WHAT THIS TASK INVOLVES:
Print the lines of the entries below from the one with "this 1838×1837 image." through the final line, exactly as they appear. The pictures are not part of the copy.

DATA SHOWN:
+++
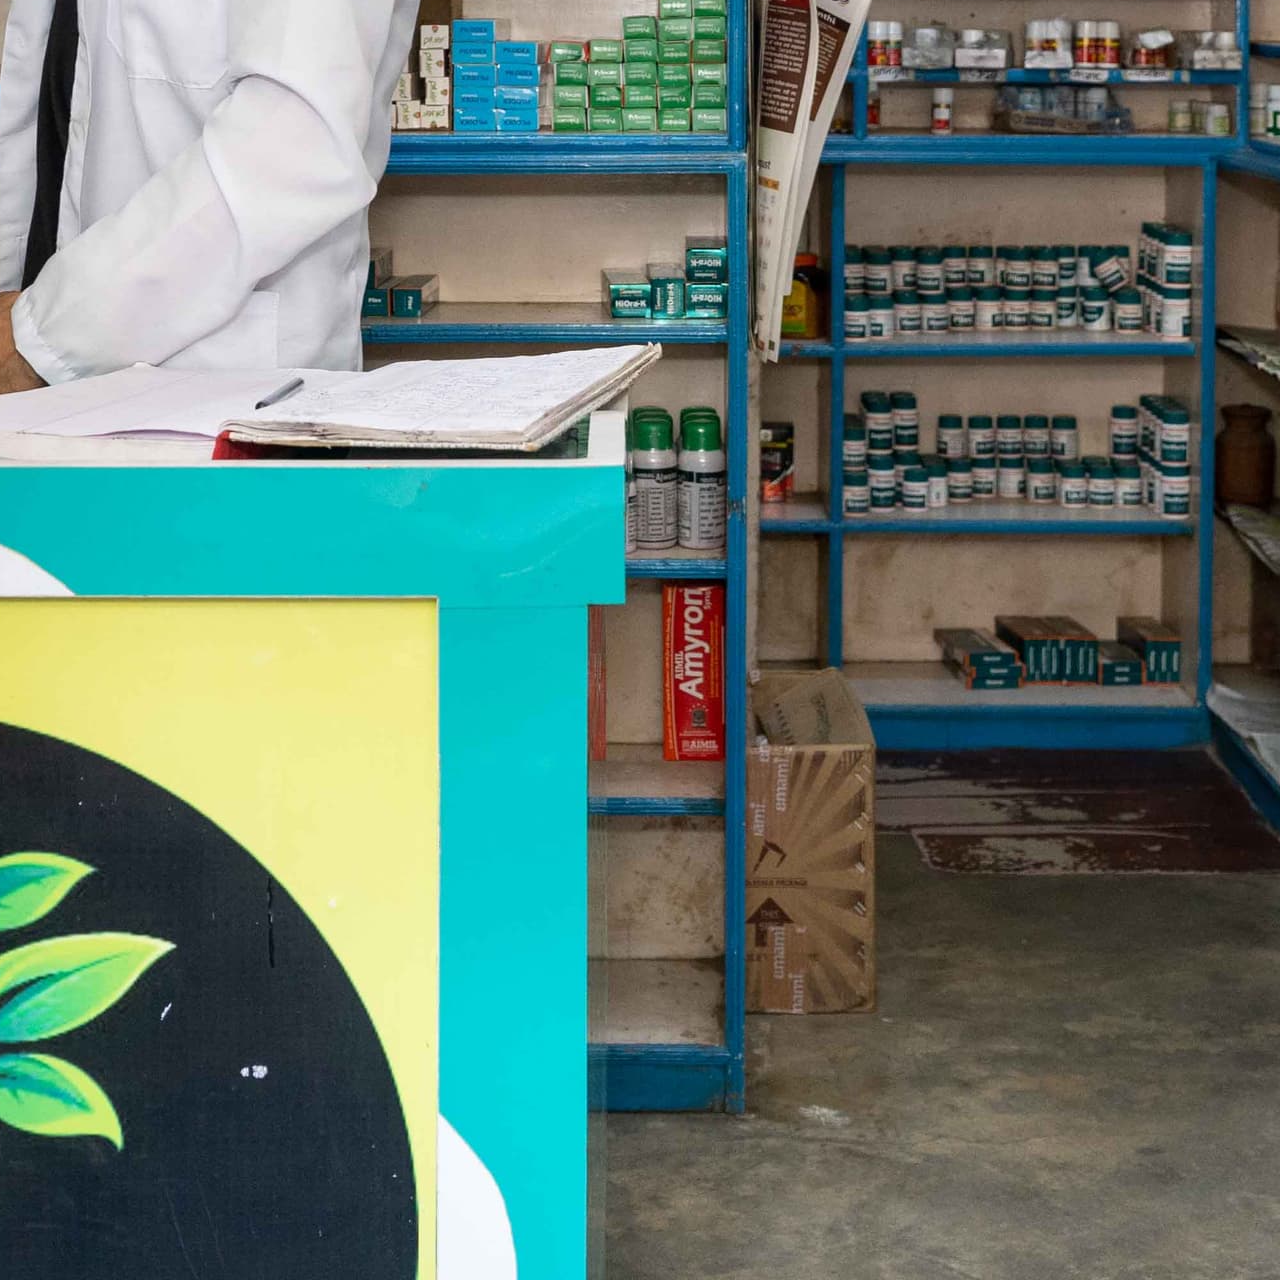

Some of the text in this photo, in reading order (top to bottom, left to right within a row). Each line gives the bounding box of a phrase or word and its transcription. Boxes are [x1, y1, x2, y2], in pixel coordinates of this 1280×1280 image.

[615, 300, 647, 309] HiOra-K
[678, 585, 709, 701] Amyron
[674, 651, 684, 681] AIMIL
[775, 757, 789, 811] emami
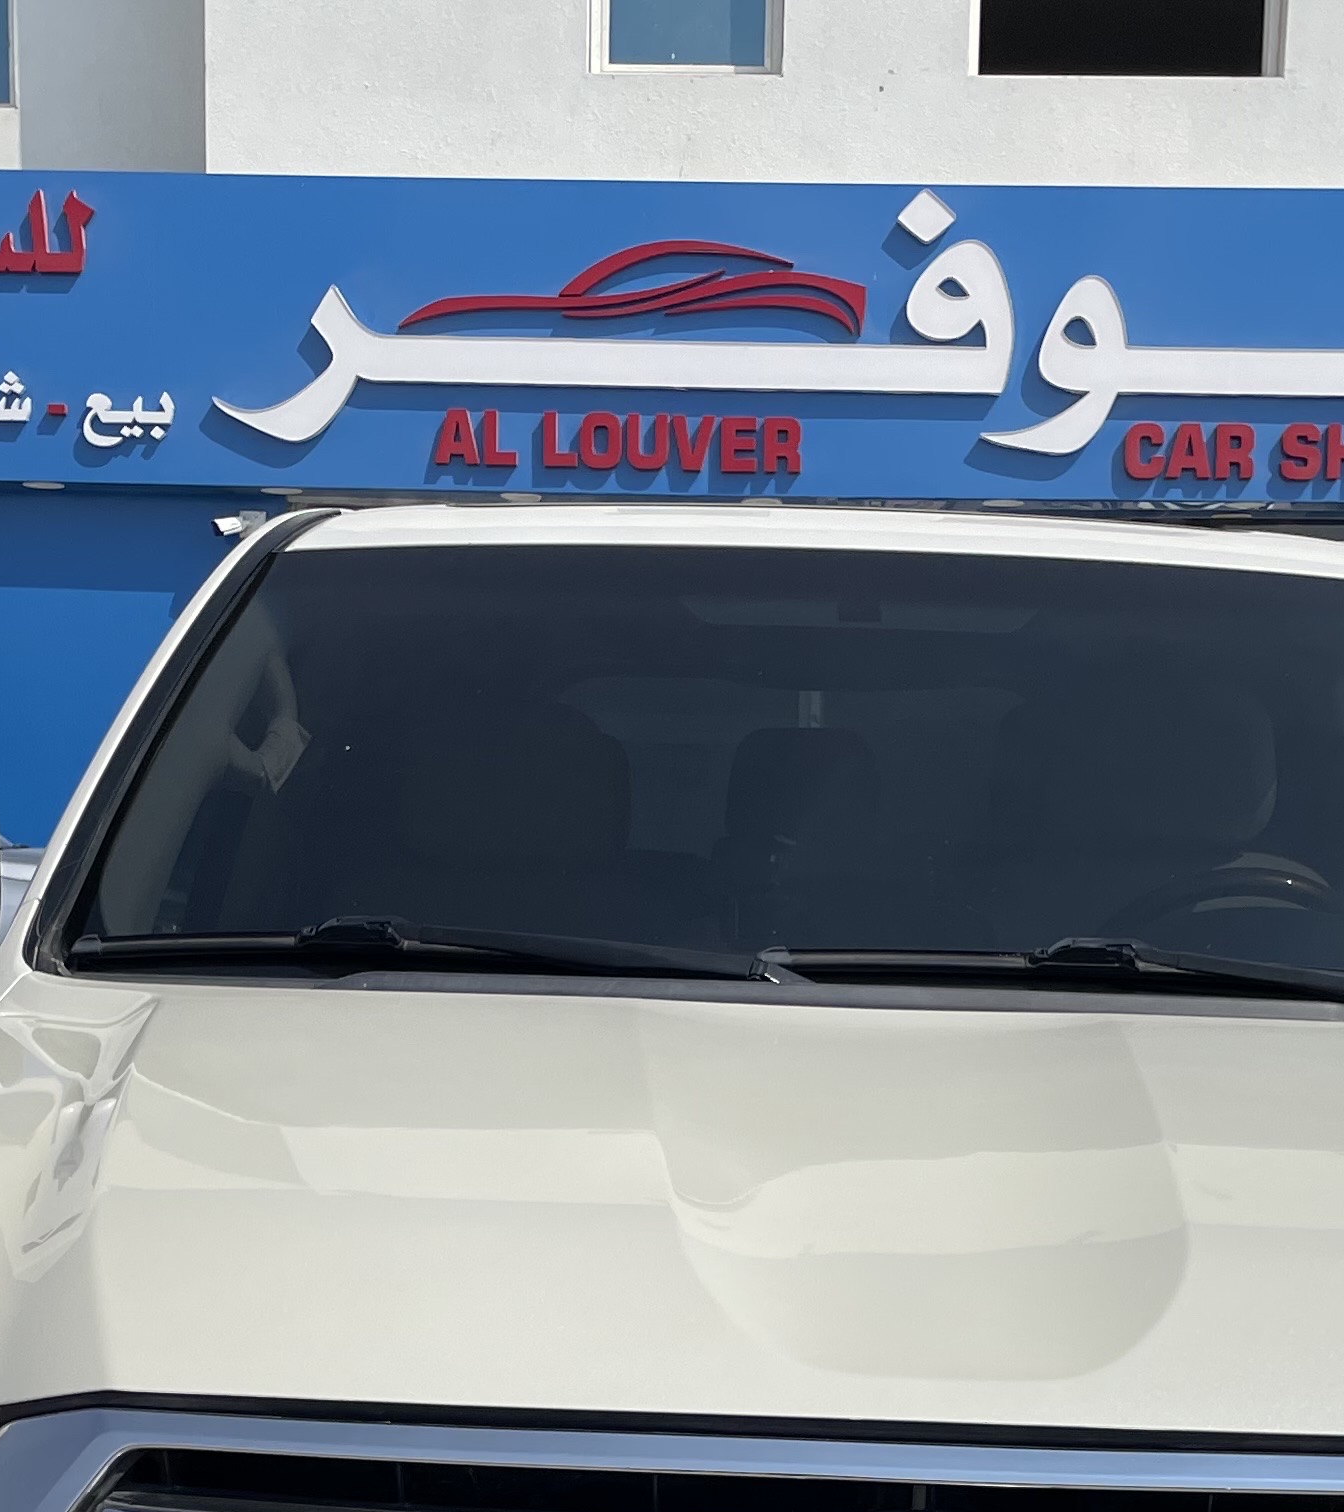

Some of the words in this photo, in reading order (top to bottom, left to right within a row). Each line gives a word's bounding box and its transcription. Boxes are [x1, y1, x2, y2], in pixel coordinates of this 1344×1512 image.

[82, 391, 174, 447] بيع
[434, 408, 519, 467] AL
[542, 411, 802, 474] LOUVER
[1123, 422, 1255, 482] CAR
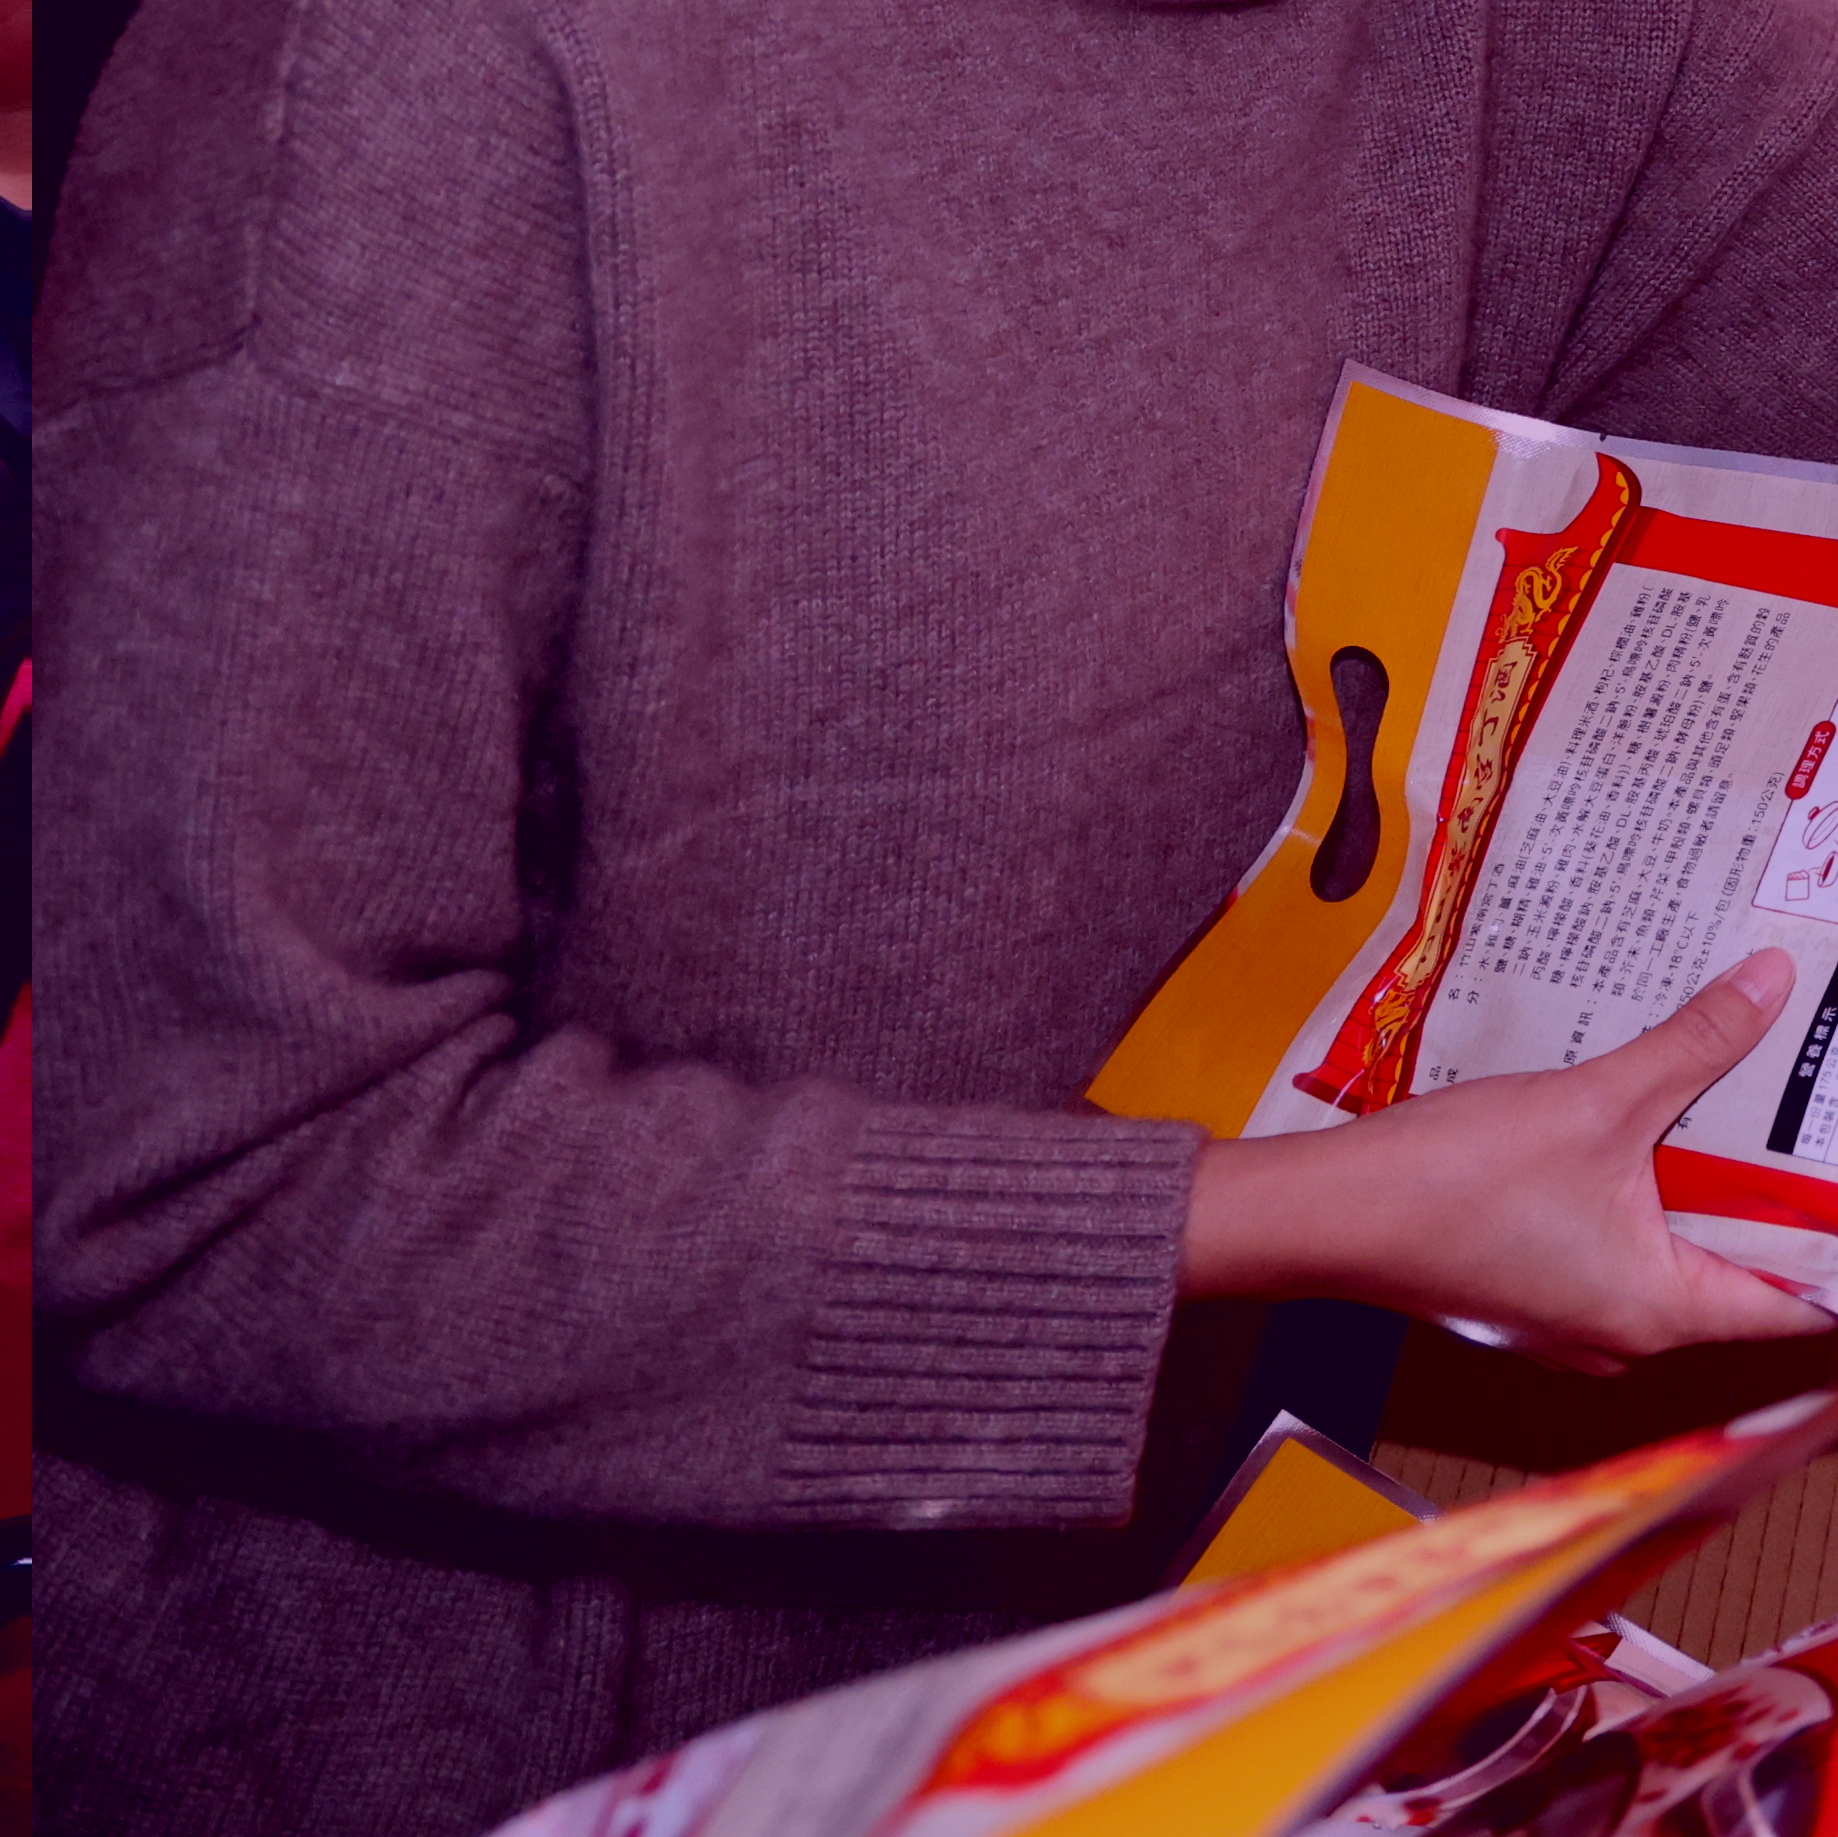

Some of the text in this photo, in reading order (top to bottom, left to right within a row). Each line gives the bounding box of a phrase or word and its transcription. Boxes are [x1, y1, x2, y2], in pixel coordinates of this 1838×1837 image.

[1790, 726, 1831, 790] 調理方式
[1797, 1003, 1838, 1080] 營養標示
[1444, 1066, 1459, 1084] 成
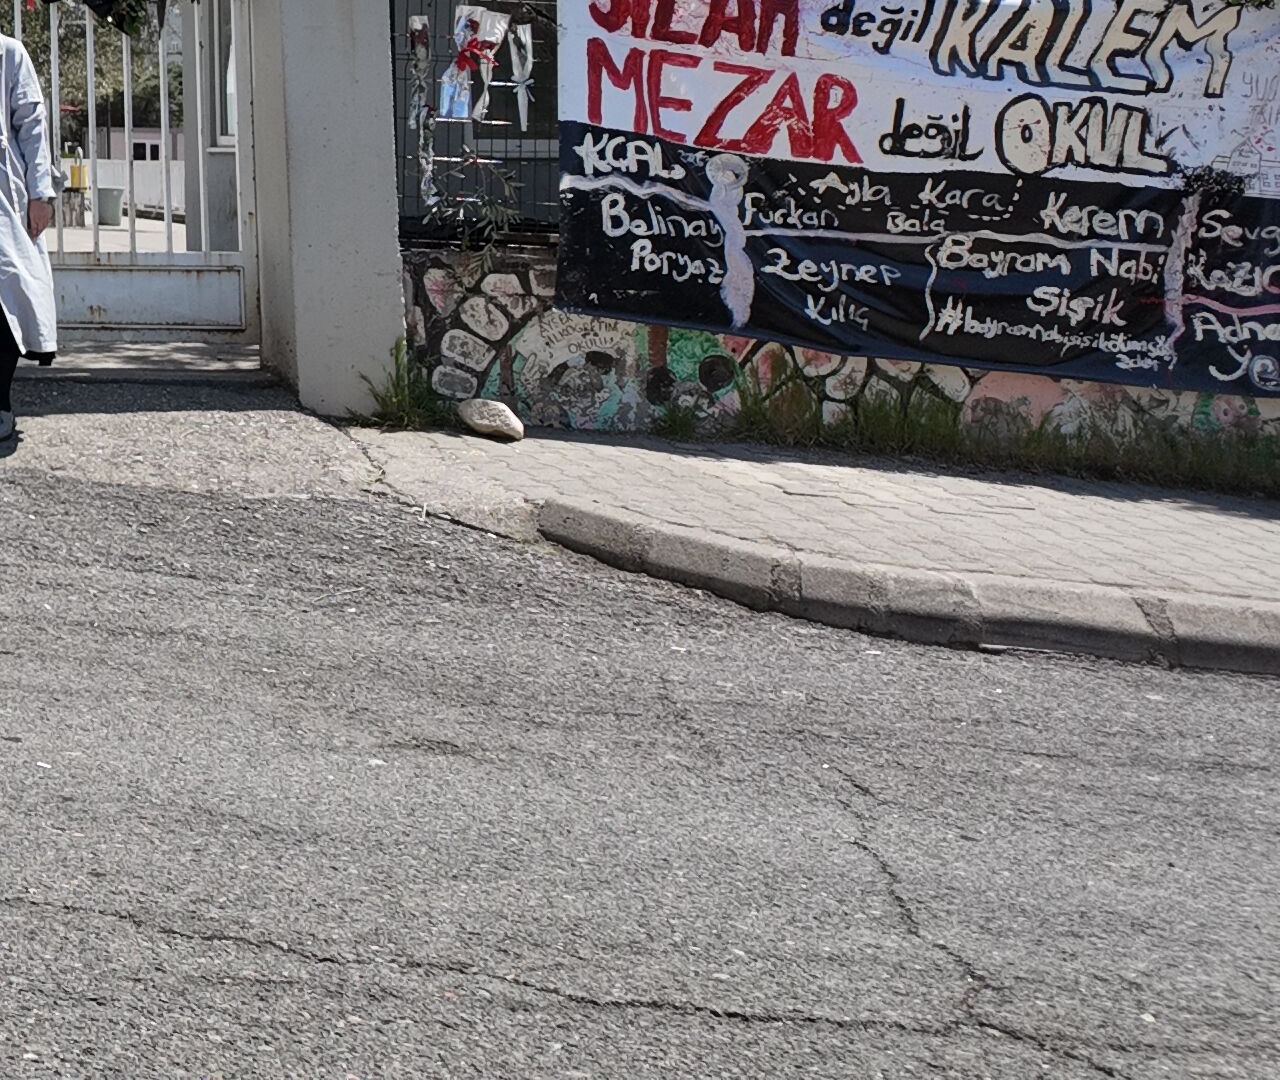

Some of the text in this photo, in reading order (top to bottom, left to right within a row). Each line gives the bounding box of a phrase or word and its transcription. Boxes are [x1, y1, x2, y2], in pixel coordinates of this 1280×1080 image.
+++
ANSWER SPACE:
Some of the text in this photo, in reading order (top to bottom, left to right within a row). Each line gives the bounding box of a phrase or word and its transcription. Boxes are [x1, y1, x2, y2], in pixel coordinates of this 1838×1837 image.

[1790, 726, 1831, 790] 調理方式
[1797, 1003, 1838, 1080] 營養標示
[1444, 1066, 1459, 1084] 成

Some of the text in this photo, in reading order (top to bottom, left to right within a row). Each line gives the bounding box of a phrase or word and its transcription. Boxes are [x1, y1, x2, y2], in pixel coordinates of this 1280×1080 image.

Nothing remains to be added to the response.